Enfumer une ruche : la méthode africaine
Publié le 12 Mai 2015
L'enfumage des ruches est l'un des moyens utilisés traditionnellement en Afrique pour attirer les essaims et peupler les ruches naturellement. Le procédé est théoriquement simple : il suffit de brûler certaines essences végétales, connues pour attirer les abeilles, de telle sorte que l'intérieur de la ruche soit imprégné de leurs substances. En pratique, la chose est un peu moins évidente... Quels végétaux utiliser ? séchés ou frais ? En quelle quantité ? Comment les brûler ? En un mot, malgré mes nombreuses recherches, je n'ai trouvé que peu de renseigements sur cette pratique soit disant commune.
Comme mes ruches tardent toujours à être peuplées, et ce malgré ma première tentative d'enfumage à l'enfumoir (voir l'article), j'ai décidé des tester l'enfumage "au trou" sur mes ruches kenyanes. Il s'agit d'une technique dont m'avaient parlé Yves et Pascaline Rondelet, apiculteurs franco-burkinabés vivant entre Chalon-sur-Saône et Bobo Dioulasso. J'ai donc tenté de reproduire ce que j'avais retenu de leurs explications, en composant avec les végétaux que j'avais sous la main.

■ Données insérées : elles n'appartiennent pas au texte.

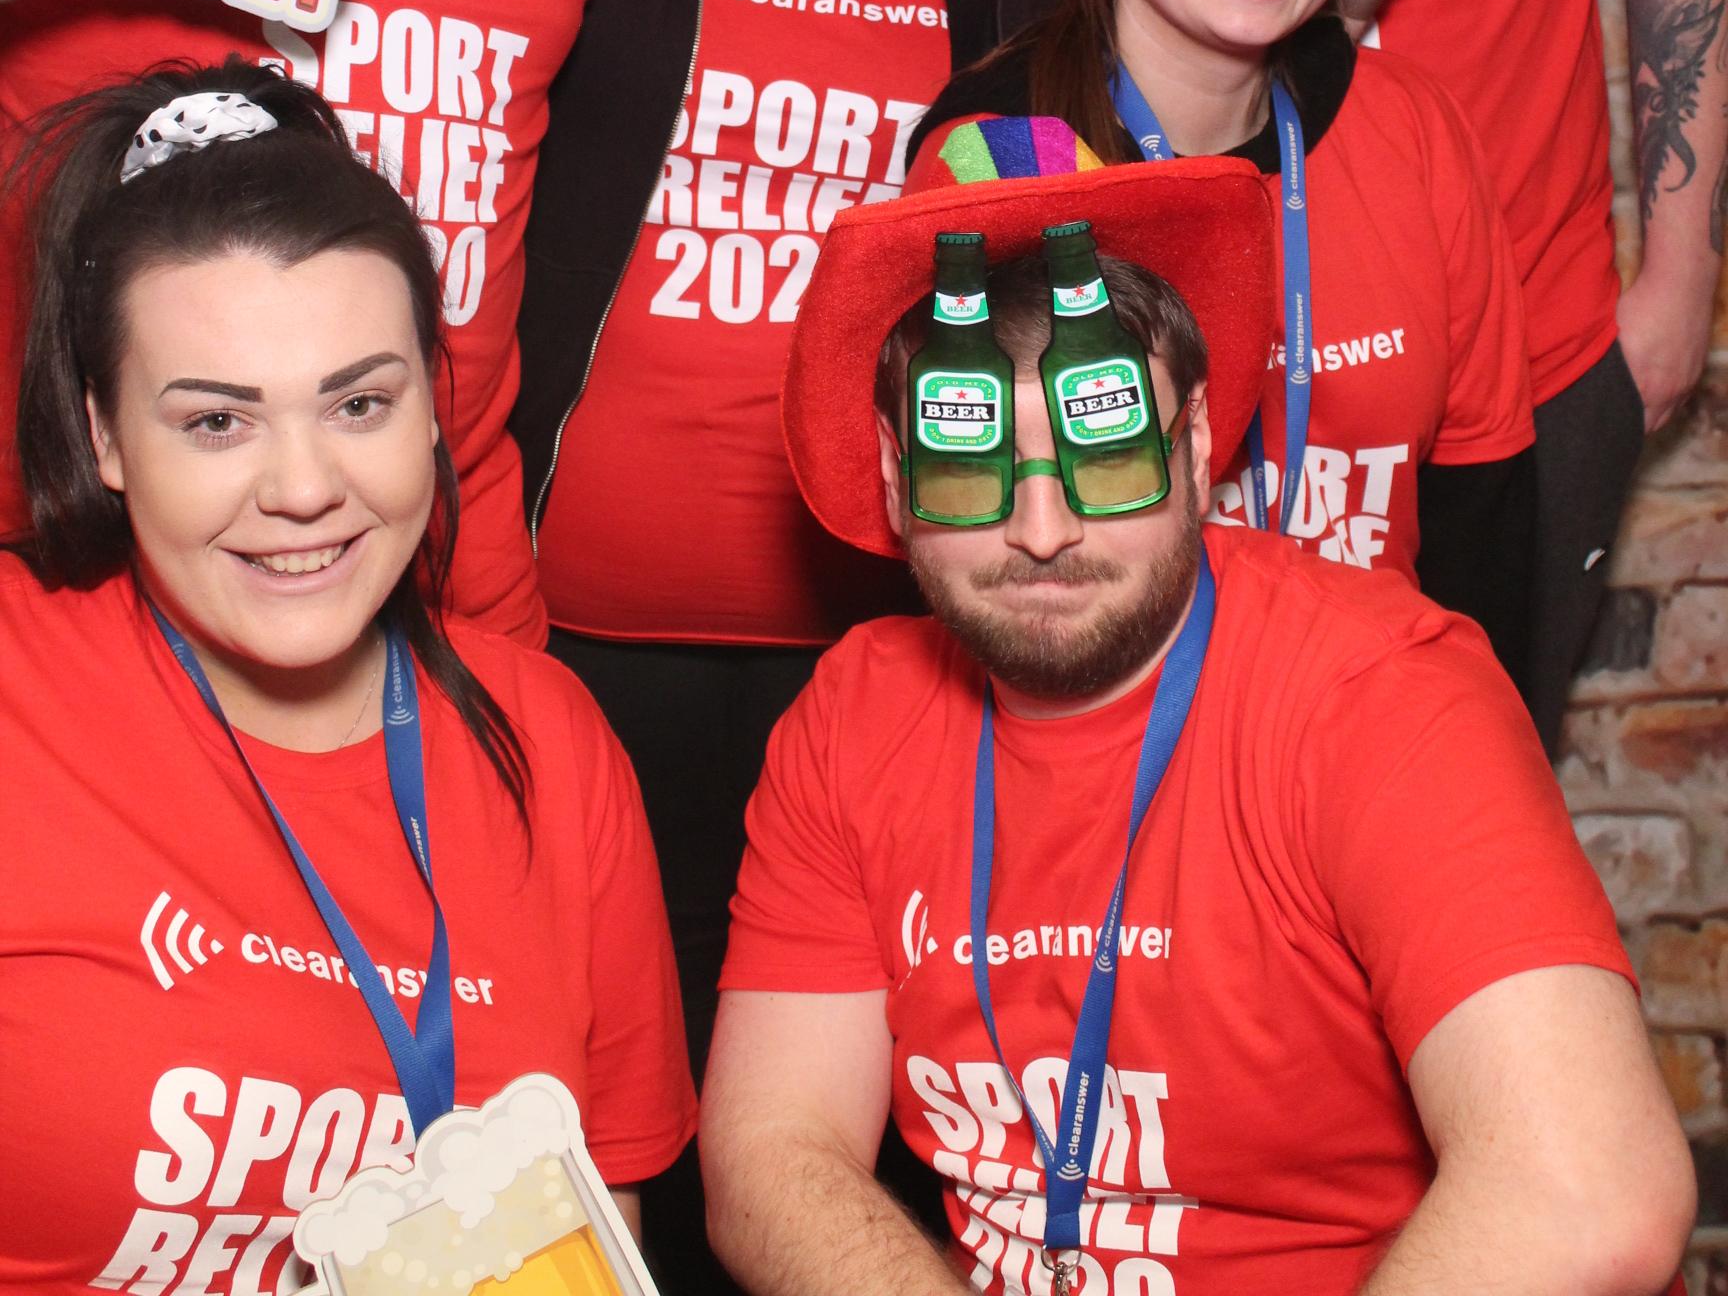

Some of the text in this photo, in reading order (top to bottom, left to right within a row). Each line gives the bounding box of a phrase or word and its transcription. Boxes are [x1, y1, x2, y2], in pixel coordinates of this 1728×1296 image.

[649, 228, 820, 324] 202
[1065, 293, 1092, 304] BEER
[946, 305, 975, 313] BEER
[1295, 292, 1304, 363] clearanswer
[924, 403, 990, 420] BEER
[1068, 390, 1134, 416] BEER
[1068, 1071, 1090, 1156] clearanswer
[134, 1066, 416, 1211] SPOR

Comment enfumer une ruche kenyane ?
Creusez un trou dans le sol, faisant le tiers de la longueur de la ruche kenyane. Préparez-y un feu avec :
- de la paille,
- de la bouse de vache séchée,
- des feuilles fraîches de néré (Parkia biglobosa) ou de karité (Vitellaria paradoxa)
- des zestes de citron.
Retournez la ruche sur le trou (attention, il doit y avoir de la fumée mais pas de flamme !)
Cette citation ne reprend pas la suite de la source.